We introduce SeaLLMs-v3, the latest series of the SeaLLMs (Large Language Models for Southeast Asian languages) family. It achieves state-of-the-art performance among models with similar sizes, excelling across a diverse array of tasks such as world knowledge, mathematical reasoning, translation, and instruction following. In the meantime, it was specifically enhanced to be more trustworthy, exhibiting reduced hallucination and providing safe responses, particularly in queries closed related to Southeast Asian culture.

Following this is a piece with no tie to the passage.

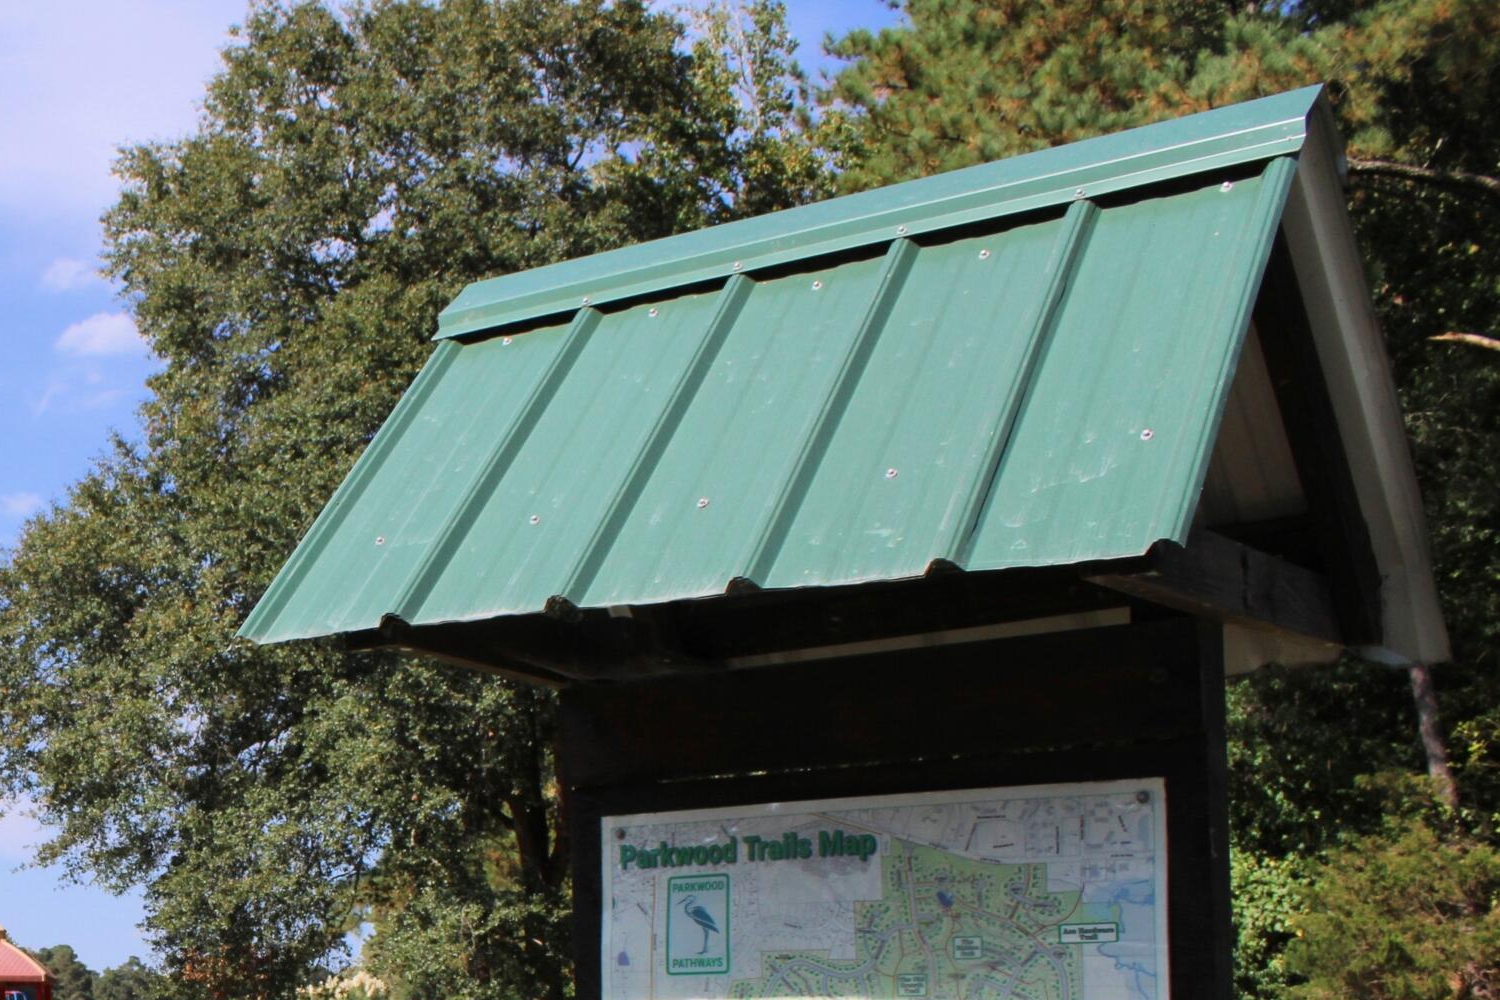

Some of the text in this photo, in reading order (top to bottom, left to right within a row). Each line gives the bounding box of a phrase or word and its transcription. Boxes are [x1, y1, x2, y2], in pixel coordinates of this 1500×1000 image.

SeaLLMs is a continuously iterated and improved series of language models that specifically focuses on Southeast Asian (SEA) languages. SeaLLMs are typically continue-pretrained and fine-tuned from strong English models to build outstanding capabilities in SEA languages without degrading performances in high-resource languages. SeaLLMs are built with focus in prioritizing local cultural and legal norms, customs, stylistic preferences, as well as cost-effectiveness
M3Exam consists of local exam questions collected from each country. It reflects the model's world knowledge (e.g., with language or social science subjects) and reasoning abilities (e.g., with mathematics or natural science subjects).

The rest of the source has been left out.